Which is nearly trivial now that atomics are in. Check out the attached
WIP patch which eliminates the spinlock from StrategyGetBuffer() unless
there's buffers on the freelist.

Test:
pgbench  -M prepared -P 5 -S -c 496 -j 496 -T 5000
on a scale=1000 database, with 4GB of shared buffers.

Before:
progress: 40.0 s, 136252.3 tps, lat 3.628 ms stddev 4.547
progress: 45.0 s, 135049.0 tps, lat 3.660 ms stddev 4.515
progress: 50.0 s, 135788.9 tps, lat 3.640 ms stddev 4.398
progress: 55.0 s, 135268.4 tps, lat 3.654 ms stddev 4.469
progress: 60.0 s, 134991.6 tps, lat 3.661 ms stddev 4.739

after:
progress: 40.0 s, 207701.1 tps, lat 2.382 ms stddev 3.018
progress: 45.0 s, 208022.4 tps, lat 2.377 ms stddev 2.902
progress: 50.0 s, 209187.1 tps, lat 2.364 ms stddev 2.970
progress: 55.0 s, 206462.7 tps, lat 2.396 ms stddev 2.871
progress: 60.0 s, 210263.8 tps, lat 2.351 ms stddev 2.914

Yes, no kidding.

The results are similar, but less extreme, for smaller client counts
like 80 or 160.

Amit, since your test seems to be currently completely bottlenecked
within StrategyGetBuffer(), could you compare with that patch applied to
HEAD and the LW_SHARED patch for one client count? That'll may allow us
to see a more meaningful profile...

Greetings,

Andres Freund

-- 
 Andres Freund                     http://www.2ndQuadrant.com/
 PostgreSQL Development, 24x7 Support, Training & Services
>From 6b486e5b467e94ab9297d7656a5b39b816c5c55a Mon Sep 17 00:00:00 2001
From: Andres Freund <and...@anarazel.de>
Date: Fri, 10 Oct 2014 17:36:46 +0200
Subject: [PATCH] WIP: lockless StrategyGetBuffer hotpath

---
 src/backend/storage/buffer/freelist.c | 154 ++++++++++++++++++++--------------
 1 file changed, 90 insertions(+), 64 deletions(-)

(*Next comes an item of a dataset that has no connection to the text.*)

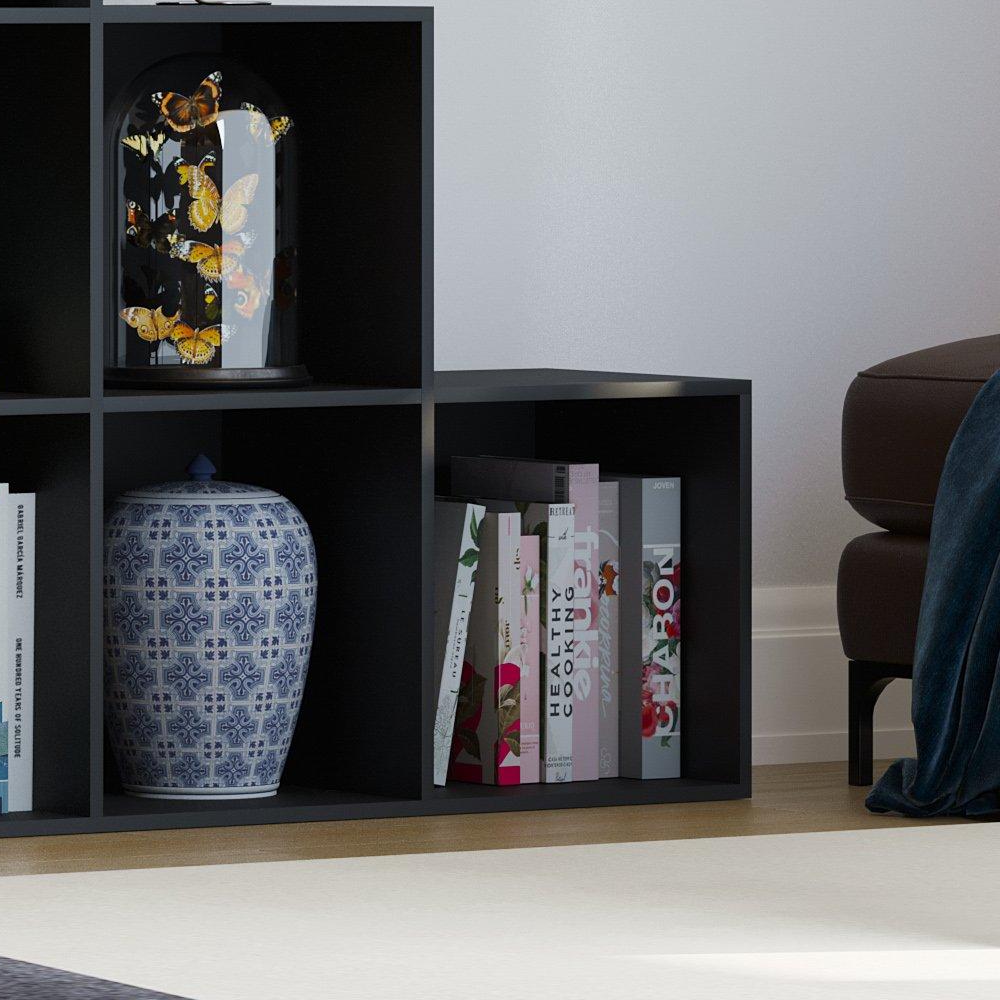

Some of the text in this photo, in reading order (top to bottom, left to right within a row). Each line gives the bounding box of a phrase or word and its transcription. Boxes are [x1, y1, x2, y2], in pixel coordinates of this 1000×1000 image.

diff --git a/src/backend/storage/buffer/freelist.c b/src/backend/storage/buffer/freelist.c
index 5966beb..0c634a0 100644
--- a/src/backend/storage/buffer/freelist.c
+++ b/src/backend/storage/buffer/freelist.c
@@ -18,6 +18,12 @@
 #include "storage/buf_internals.h"
 #include "storage/bufmgr.h"
 
+#include "port/atomics.h"
+
+
+#define LATCHPTR_ACCESS_ONCE(var)	((Latch *)(*((volatile Latch **)&(var))))
+#define INT_ACCESS_ONCE(var)	((int)(*((volatile int *)&(var))))
+
 
 /*
  * The shared freelist control information.
@@ -27,8 +33,12 @@ typedef struct
 	/* Spinlock: protects the values below */
 	slock_t		buffer_strategy_lock;
 
-	/* Clock sweep hand: index of next buffer to consider grabbing */
-	int			nextVictimBuffer;
+	/*
+	 * Clock sweep hand: index of next buffer to consider grabbing. Note that
+	 * this isn't a concrete buffer - we only ever increase the value. So, to
+	 * get an actual buffer, it needs to be used modulo NBuffers.
+	 */
+	pg_atomic_uint32 nextVictimBuffer;
 
 	int			firstFreeBuffer;	/* Head of list of unused buffers */
 	int			lastFreeBuffer; /* Tail of list of unused buffers */
@@ -42,8 +52,8 @@ typedef struct
 	 * Statistics.  These counters should be wide enough that they can't
 	 * overflow during a single bgwriter cycle.
 	 */
-	uint32		completePasses; /* Complete cycles of the clock sweep */
-	uint32		numBufferAllocs;	/* Buffers allocated since last reset */
+	pg_atomic_uint32 completePasses; /* Complete cycles of the clock sweep */
+	pg_atomic_uint32 numBufferAllocs;	/* Buffers allocated since last reset */
 
 	/*
 	 * Notification latch, or NULL if none.  See StrategyNotifyBgWriter.
@@ -124,87 +134,107 @@ StrategyGetBuffer(BufferAccessStrategy strategy)
 			return buf;
 	}
 
-	/* Nope, so lock the freelist */
-	SpinLockAcquire(&StrategyControl->buffer_strategy_lock);
-
 	/*
 	 * We count buffer allocation requests so that the bgwriter can estimate
 	 * the rate of buffer consumption.  Note that buffers recycled by a
 	 * strategy object are intentionally not counted here.
 	 */
-	StrategyControl->numBufferAllocs++;
+	pg_atomic_fetch_add_u32(&StrategyControl->numBufferAllocs, 1);
 
 	/*
-	 * If bgwriterLatch is set, we need to waken the bgwriter, but we should
-	 * not do so while holding buffer_strategy_lock; so release and re-grab.
-	 * This is annoyingly tedious, but it happens at most once per bgwriter
-	 * cycle, so the performance hit is minimal.
+	 * If bgwriterLatch is set, we need to waken the bgwriter. We don't want
+	 * to check this while holding the spinlock, so we the latch from memory
+	 * once to see whether it's set. There's no need to do so with a lock
+	 * present - we'll just set the latch next call if we missed it once.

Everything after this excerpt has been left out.